04 - Pour the spice mixture over vegetables and toss thoroughly, ensuring all pieces are evenly coated with the seasoning blend.
05 - Spread the vegetables in a single, even layer on the prepared baking sheet.
06 - Roast for 25 to 30 minutes, stirring halfway through cooking, until vegetables are golden, tender, and lightly crisped at the edges.
07 - Remove from oven, drizzle with lemon juice, and sprinkle with fresh herbs if desired.
08 - Serve warm as a standalone side dish or over grains for a complete meal.

# Expert Suggestions:

01 -
  • It tastes intentional and nourishing without demanding much effort or skill in the kitchen.
  • Your kitchen smells incredible while these roast, and the golden vegetables are genuinely beautiful to look at.
  • The spices work together in a way that feels warm and comforting rather than heavy or medicinal.
02 -
  • Roasting vegetables is forgiving until it isn't—watch that oven around the 25-minute mark because the line between perfectly caramelized and slightly burnt is shorter than you'd think.
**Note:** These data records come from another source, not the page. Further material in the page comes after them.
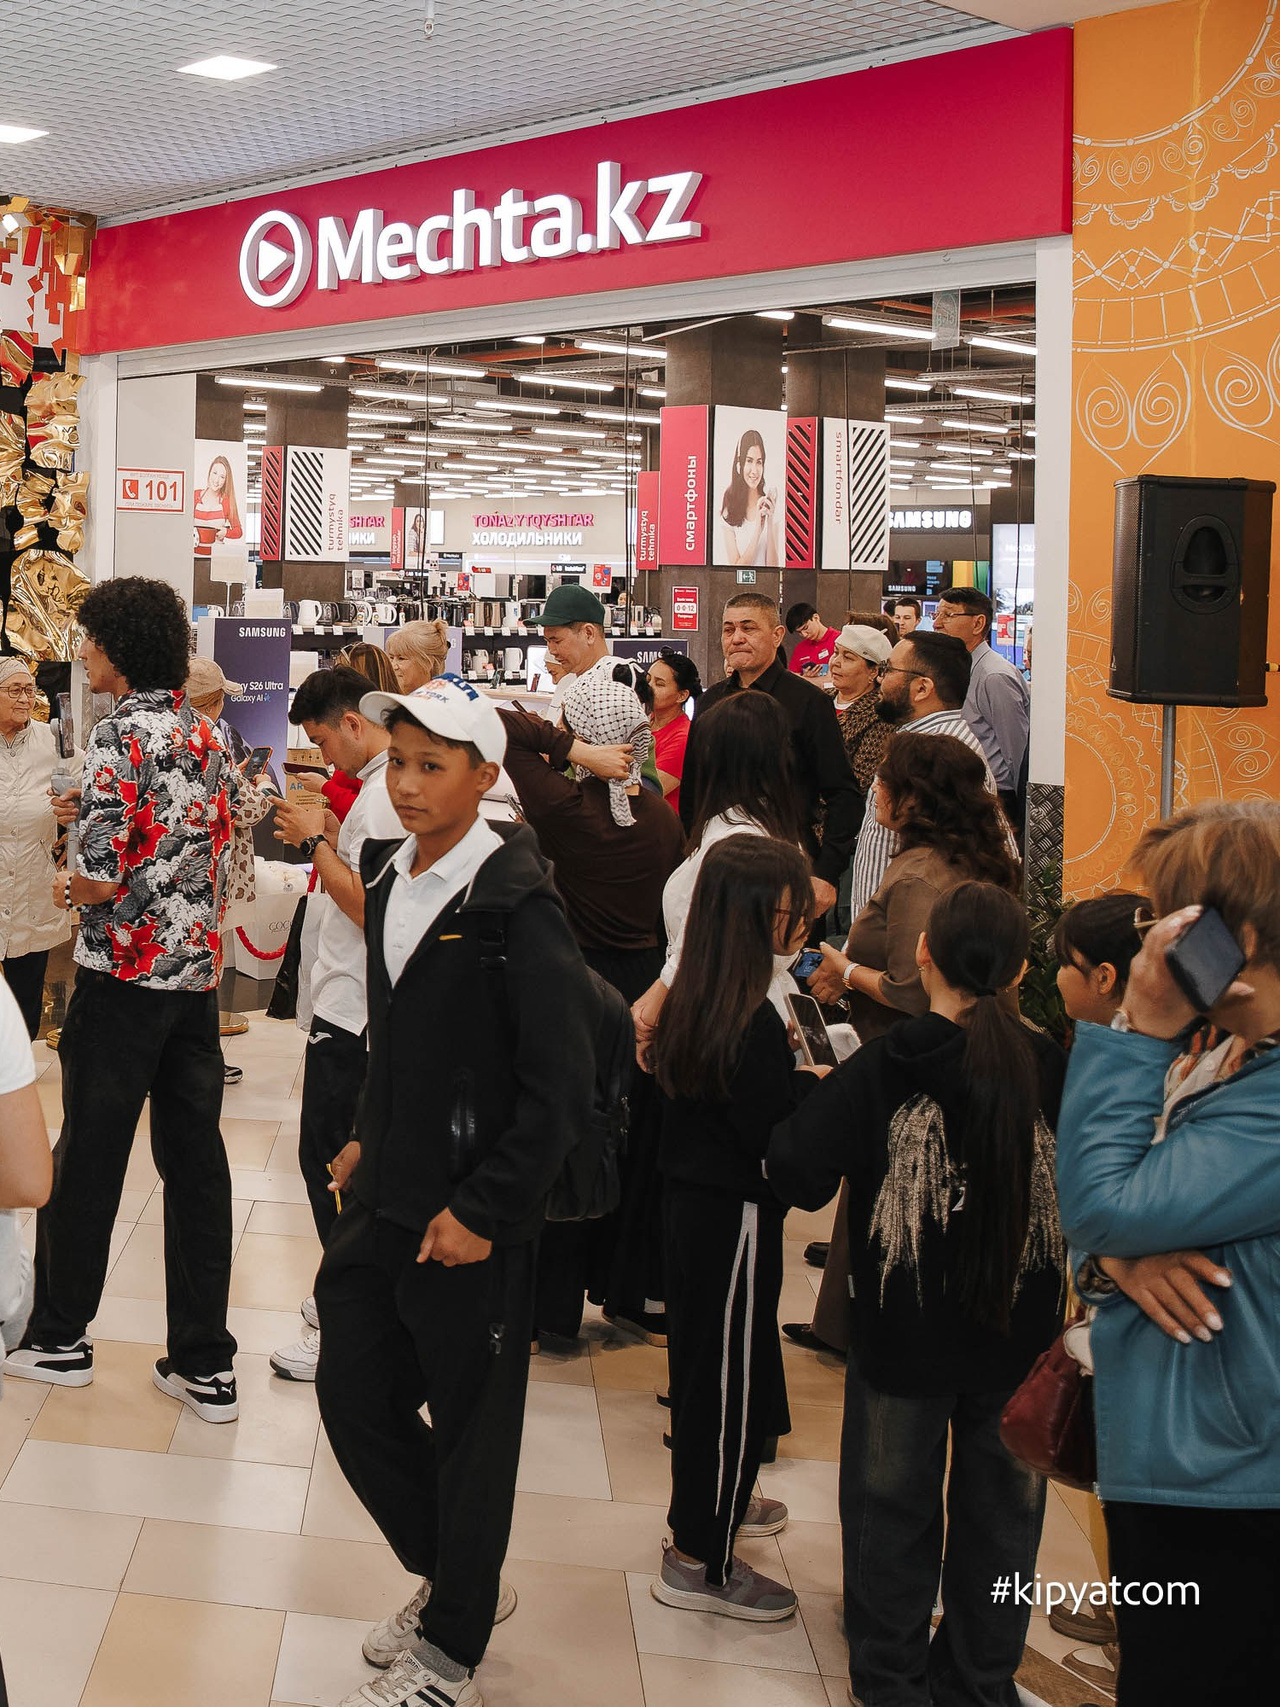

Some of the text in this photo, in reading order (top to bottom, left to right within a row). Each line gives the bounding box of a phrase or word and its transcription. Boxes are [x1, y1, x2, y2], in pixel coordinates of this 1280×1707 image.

[317, 160, 703, 291] Mechta.kz
[145, 479, 177, 501] 101
[835, 431, 844, 525] smartfondar
[327, 493, 337, 551] turmystyq
[683, 455, 699, 551] смартфоны
[336, 509, 344, 551] tehnika
[471, 531, 583, 548] ХОЛОДИЛЬНИКИ
[639, 510, 649, 561] turmystyq
[647, 523, 656, 561] tehnika
[887, 584, 917, 593] SAMSUNG
[238, 626, 287, 638] SAMSUNG
[230, 693, 256, 704] Galaxy
[249, 680, 264, 691] S26
[264, 680, 284, 691] Ultra
  • Cold vegetables or a cold pan will lower your oven temperature and ruin the crispy-edge effect, so don't skip the preheat step.
03 -
  • Don't stir too often or too aggressively—let the vegetables sit on the hot pan long enough to develop that caramelization you're after.
  • If you want extra anti-inflammatory power, add a crack more black pepper than the recipe calls for; it actually helps your body absorb the turmeric better, which isn't just marketing talk.